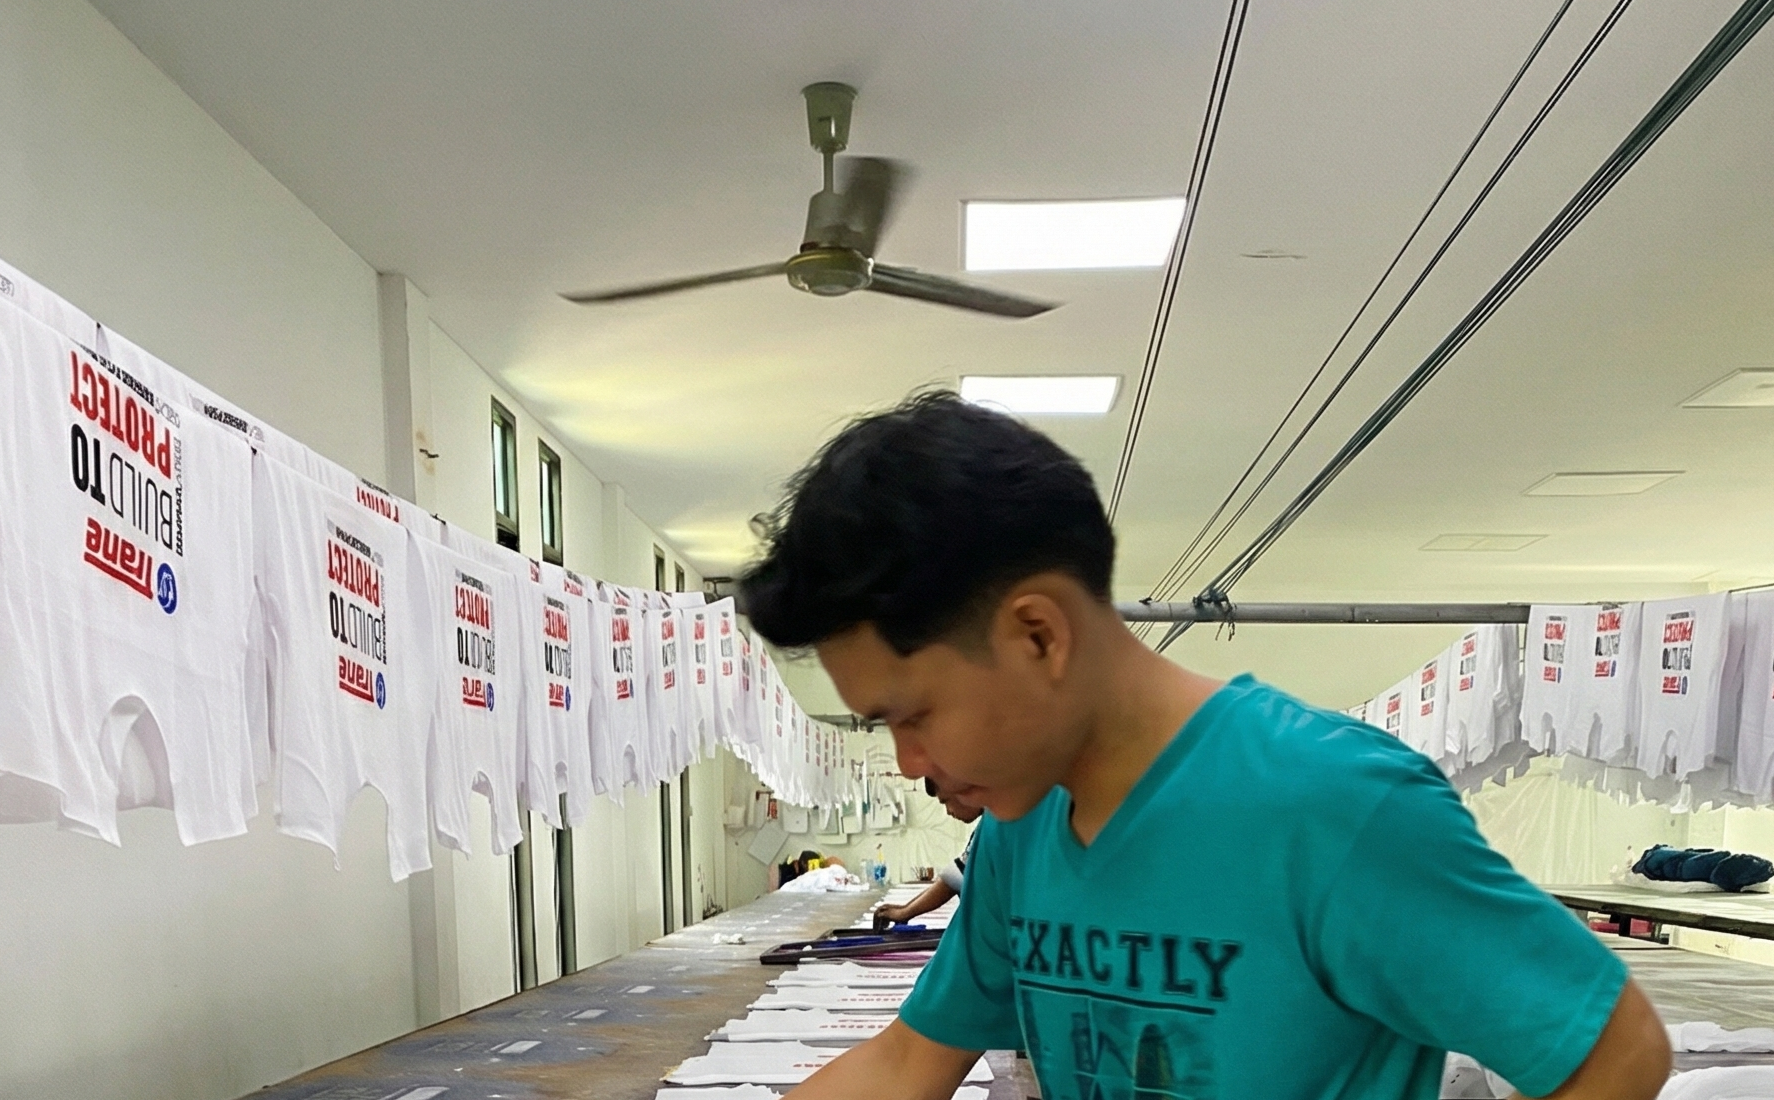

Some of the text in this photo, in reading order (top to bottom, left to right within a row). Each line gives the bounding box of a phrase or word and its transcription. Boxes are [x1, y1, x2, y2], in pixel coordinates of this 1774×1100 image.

[70, 350, 172, 480] PROTECT
[70, 423, 106, 506] TO
[109, 452, 174, 551] BUILD
[84, 516, 154, 600] Trane
[327, 538, 380, 608] PROTECT
[329, 590, 348, 645] TO
[338, 654, 375, 704] Trane
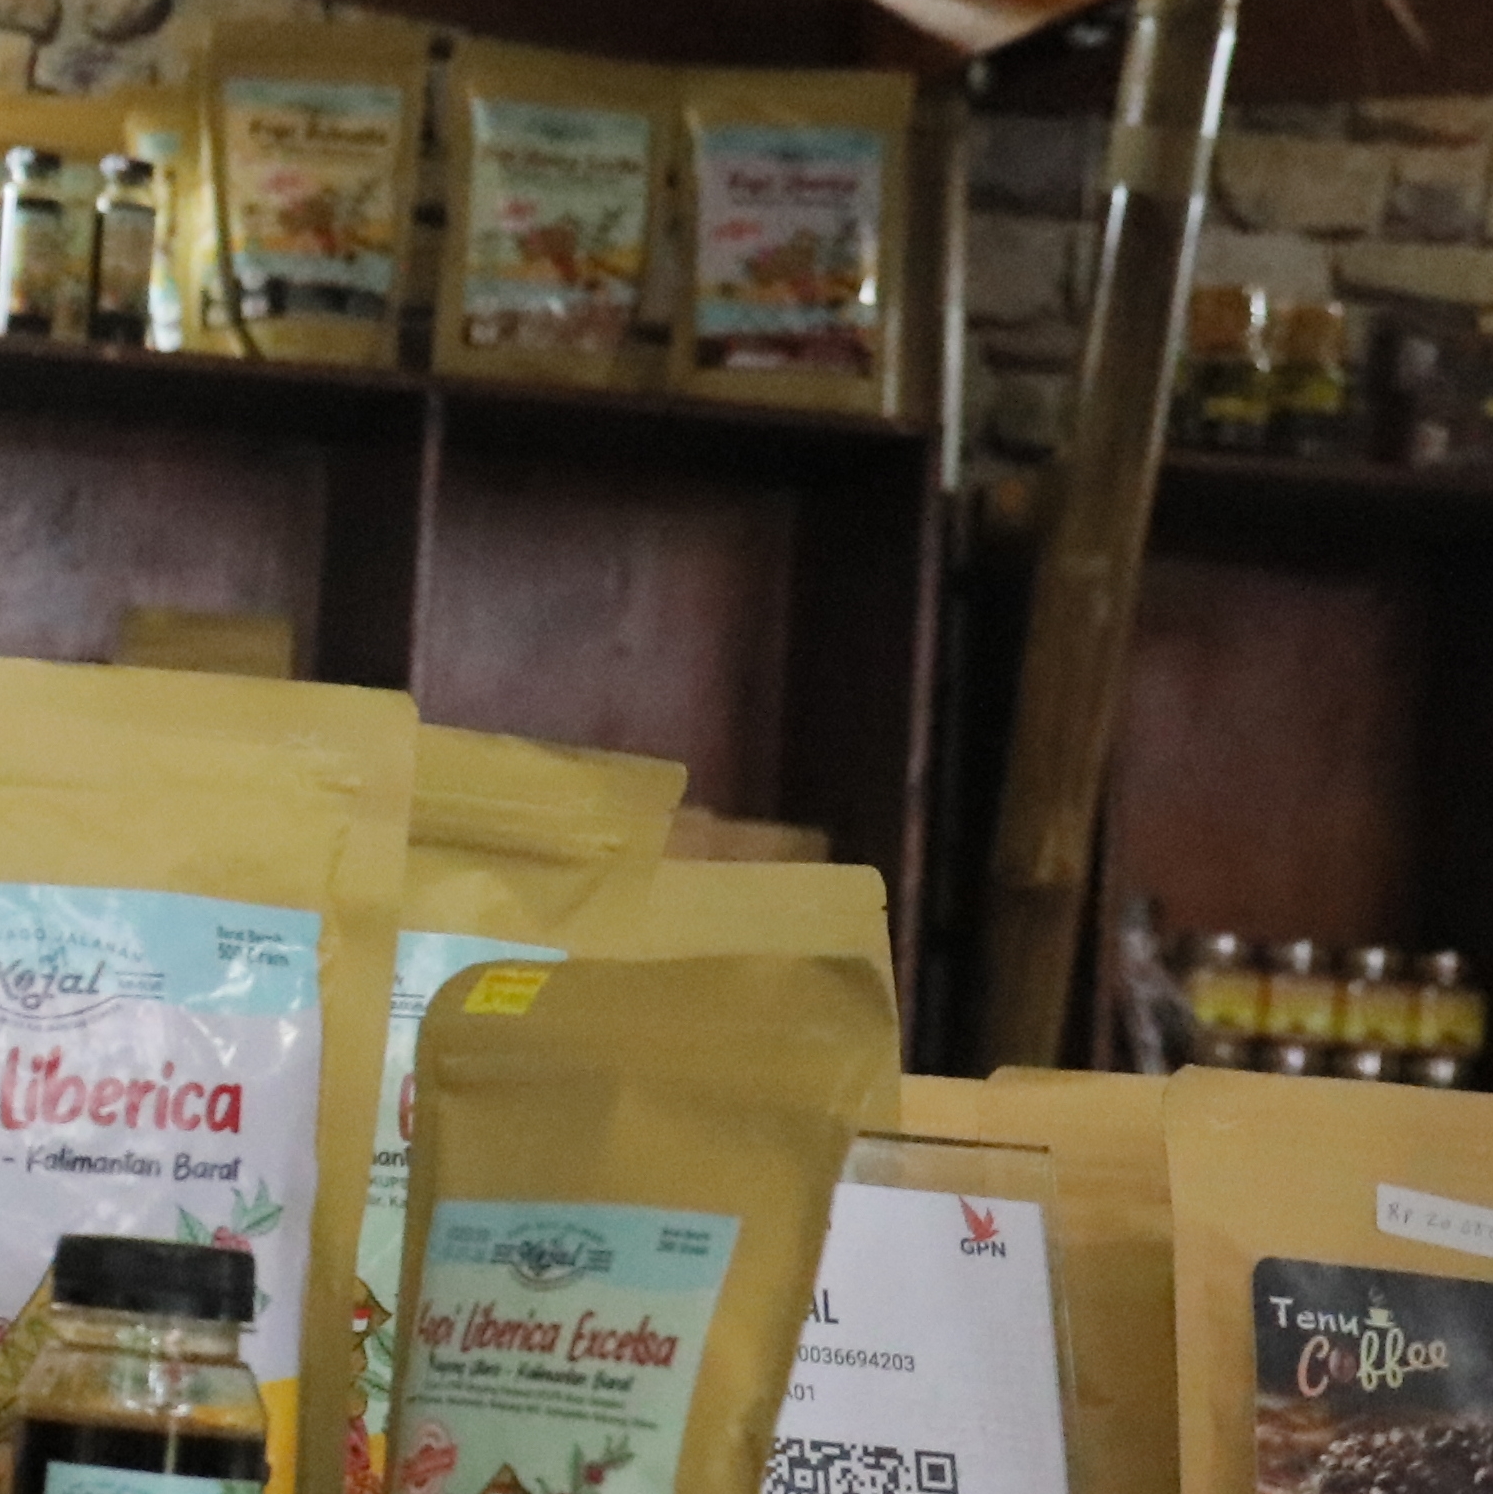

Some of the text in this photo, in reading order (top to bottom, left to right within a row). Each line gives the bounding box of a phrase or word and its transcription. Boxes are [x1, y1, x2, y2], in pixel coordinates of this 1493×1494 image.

[0, 1043, 244, 1135] Liberica
[26, 1137, 162, 1178] Kalimantan
[172, 1151, 242, 1183] Barat
[1269, 1295, 1360, 1338] Tenu
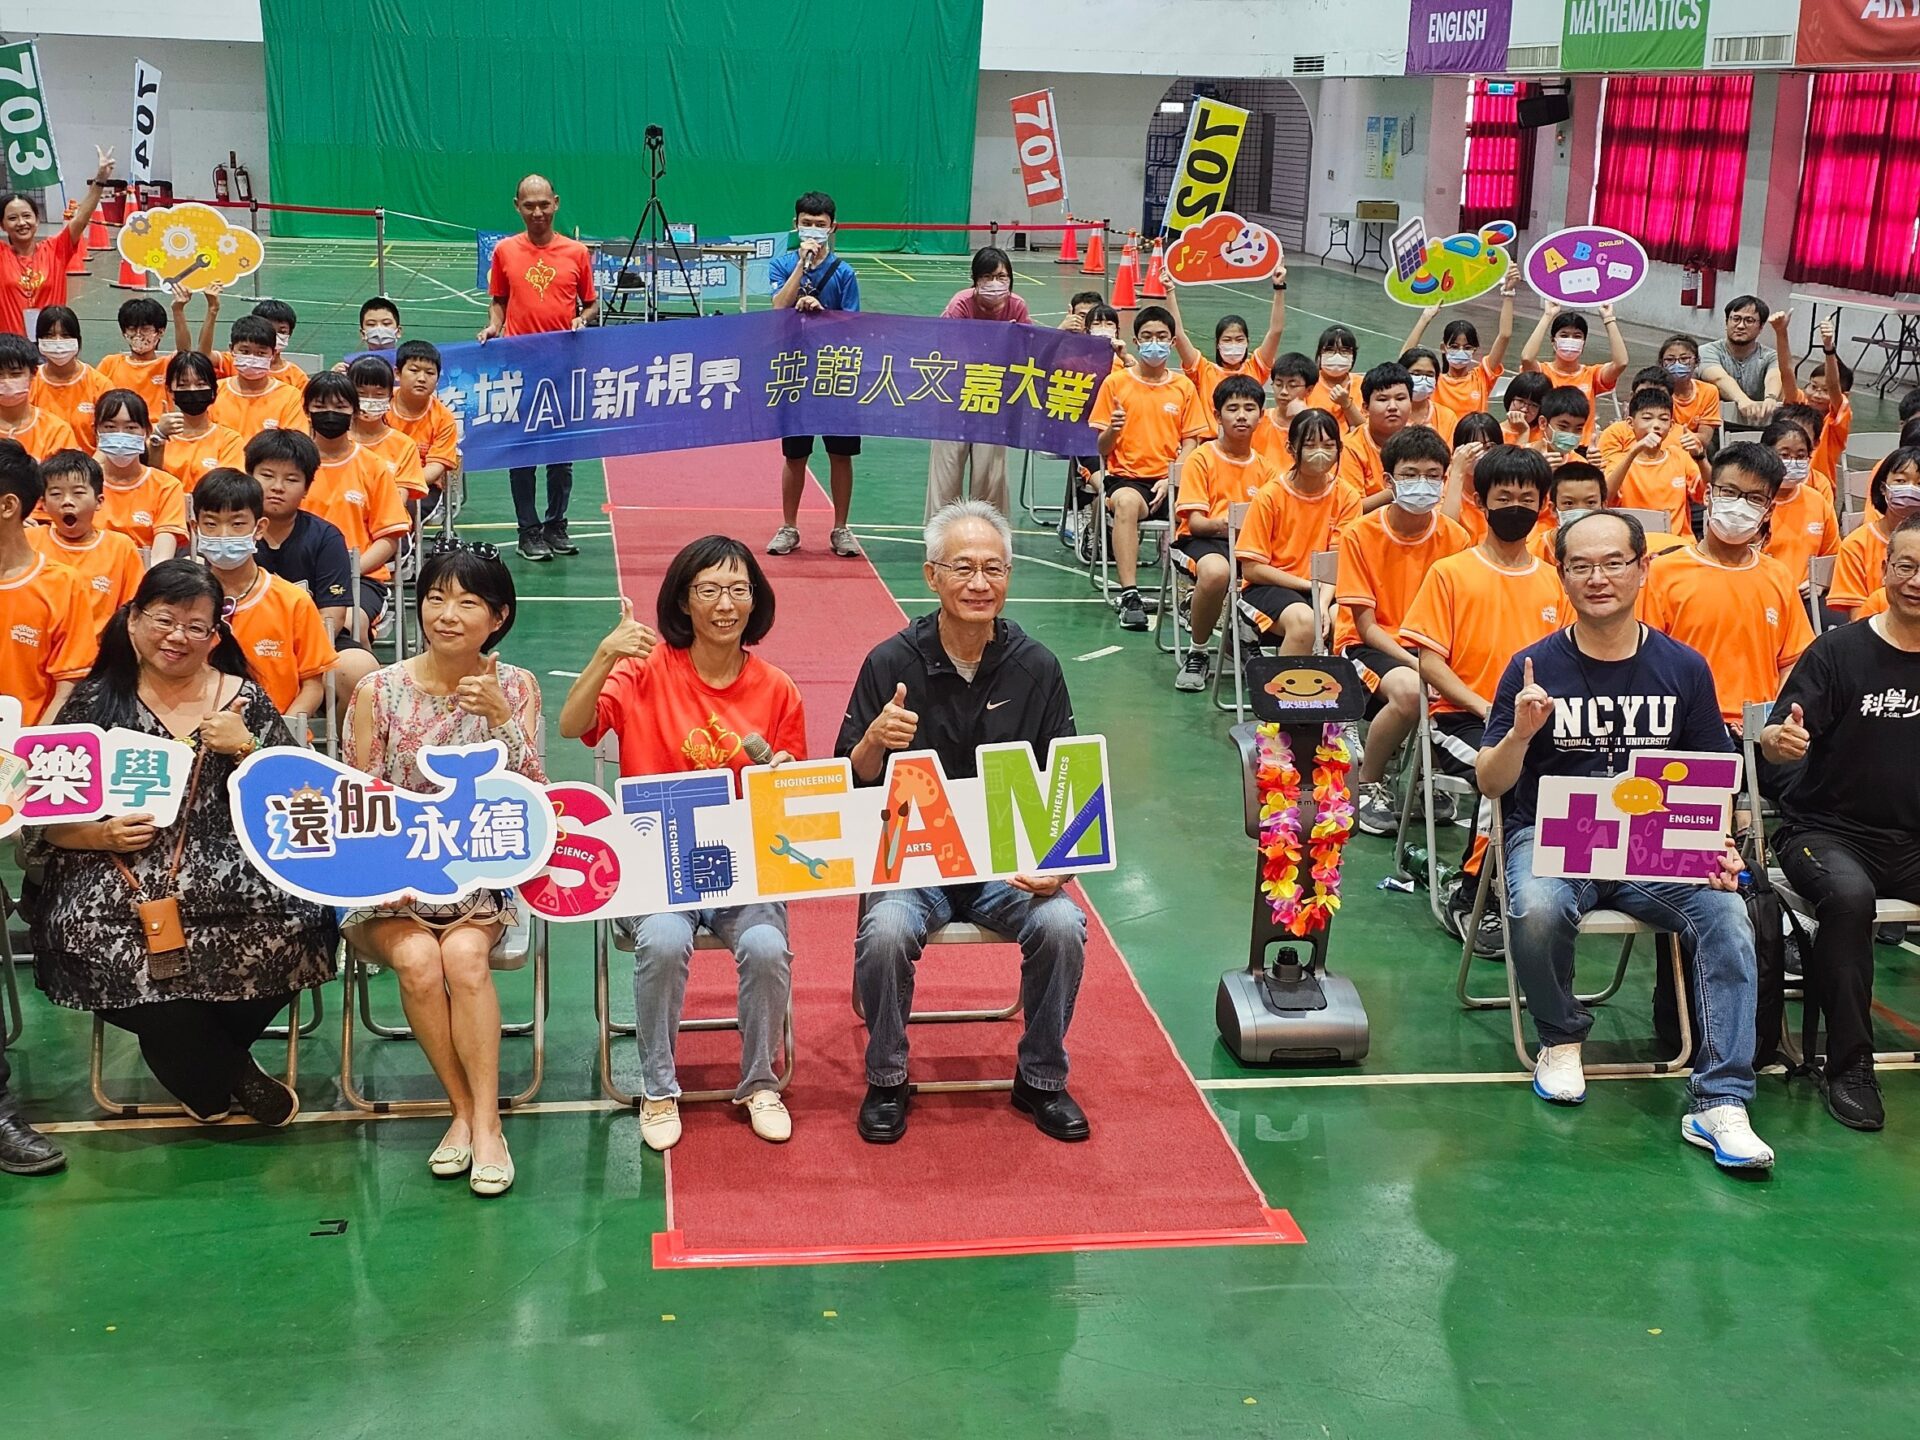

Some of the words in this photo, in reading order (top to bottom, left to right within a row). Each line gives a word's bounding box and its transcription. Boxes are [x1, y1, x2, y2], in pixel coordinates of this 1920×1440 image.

[1427, 8, 1488, 44] ENGLISH
[1569, 0, 1702, 35] MATHEMATICS
[0, 52, 53, 176] 703
[1014, 99, 1061, 196] 701
[1598, 238, 1625, 248] ENGLISH
[766, 344, 1097, 422] 共譜人文嘉大業
[1552, 695, 1677, 738] NCYU
[1626, 736, 1672, 746] UNIVERSITY
[774, 774, 843, 789] ENGINEERING
[1050, 755, 1070, 837] MATHEMATICS
[1669, 814, 1714, 825] ENGLISH
[552, 845, 596, 863] CIENCE
[669, 817, 682, 895] TECHNOLOGY
[905, 842, 932, 853] ARTS
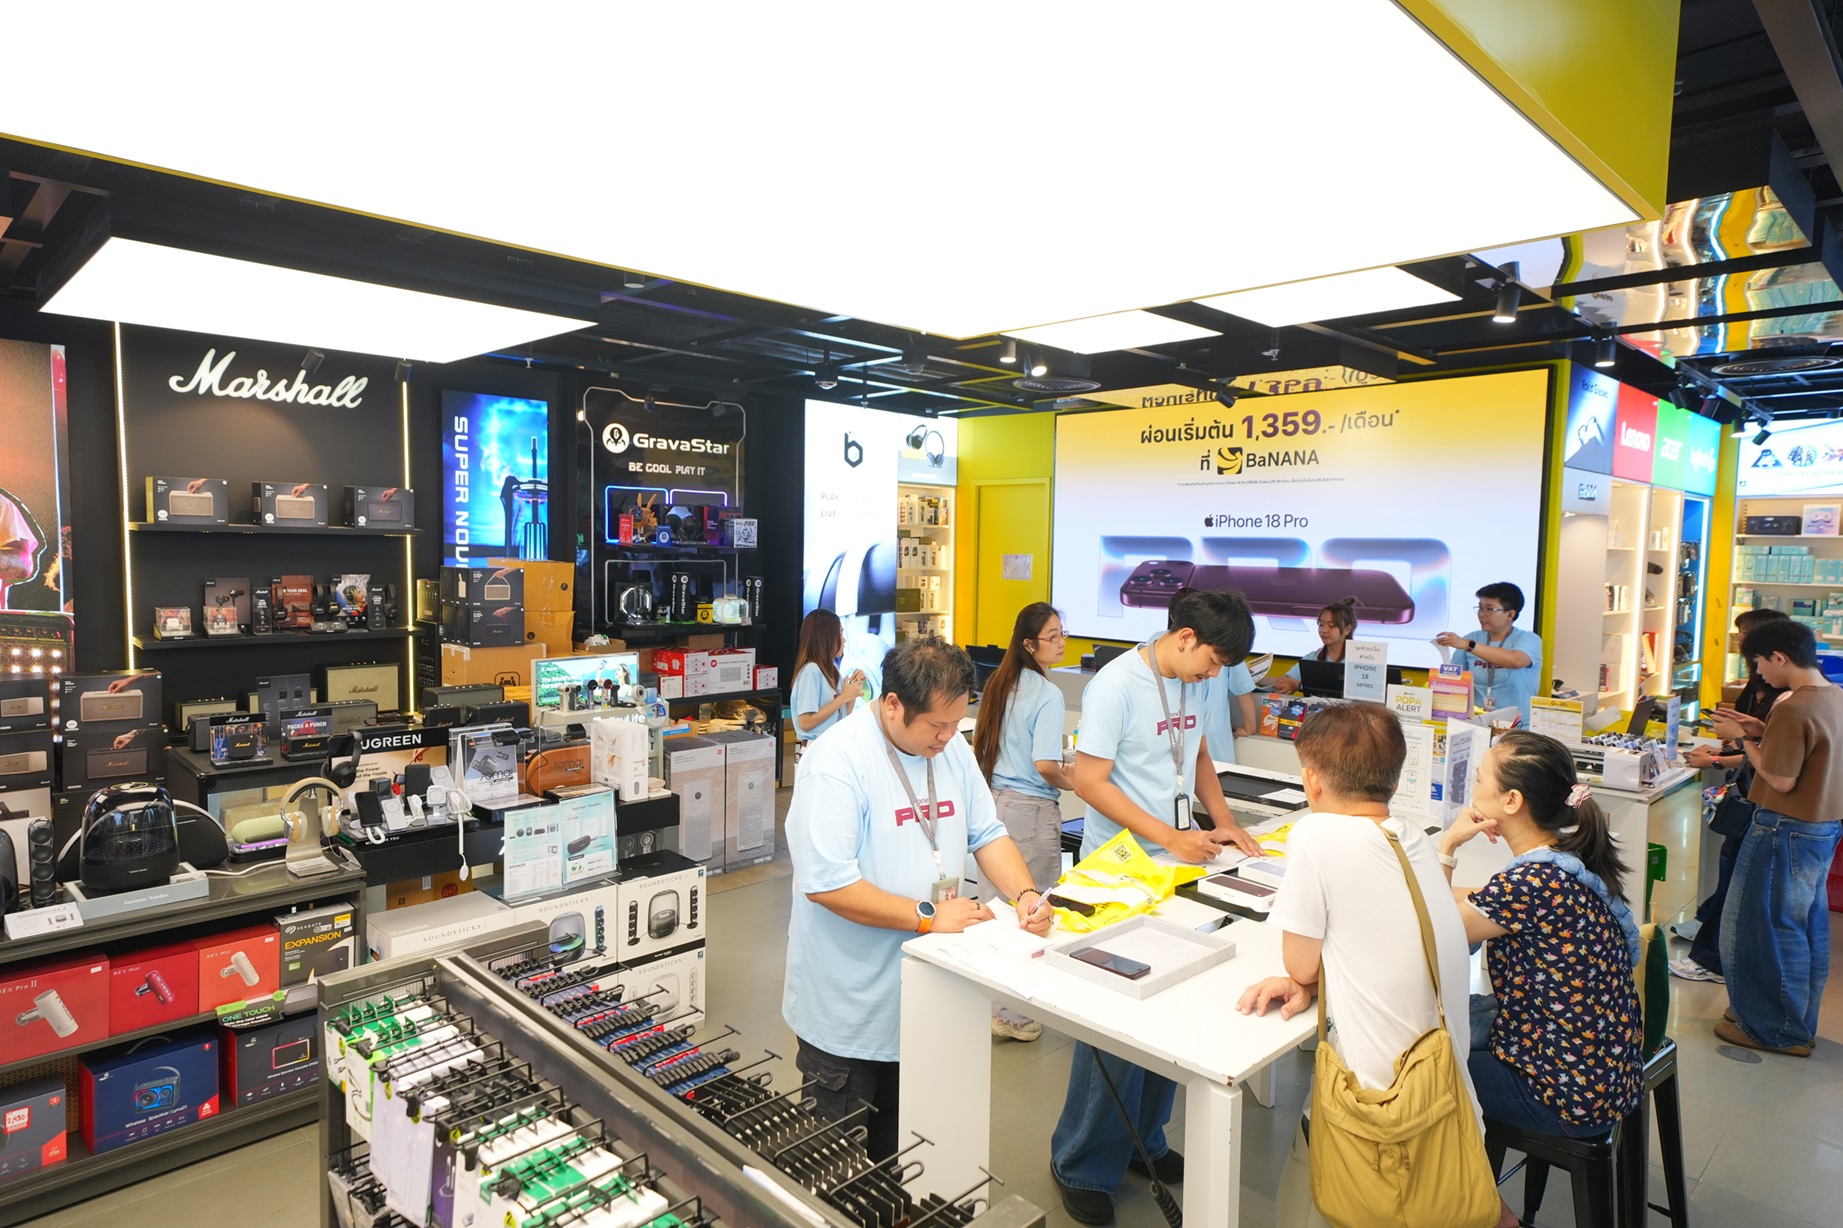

++++++

> **Work required**
Retype word for word the span of lines above that begins with the line containing "Some of the words" and ends with the last line of the records; skip all pictures.

> **Result of this exercise**
Some of the words in this photo, in reading order (top to bottom, left to right within a row). Each line gives a word's bounding box and its transcription. Boxes are [x1, y1, x2, y2], in pixel coordinates of this 1920×1440 image.

[1427, 8, 1488, 44] ENGLISH
[1569, 0, 1702, 35] MATHEMATICS
[0, 52, 53, 176] 703
[1014, 99, 1061, 196] 701
[1598, 238, 1625, 248] ENGLISH
[766, 344, 1097, 422] 共譜人文嘉大業
[1552, 695, 1677, 738] NCYU
[1626, 736, 1672, 746] UNIVERSITY
[774, 774, 843, 789] ENGINEERING
[1050, 755, 1070, 837] MATHEMATICS
[1669, 814, 1714, 825] ENGLISH
[552, 845, 596, 863] CIENCE
[669, 817, 682, 895] TECHNOLOGY
[905, 842, 932, 853] ARTS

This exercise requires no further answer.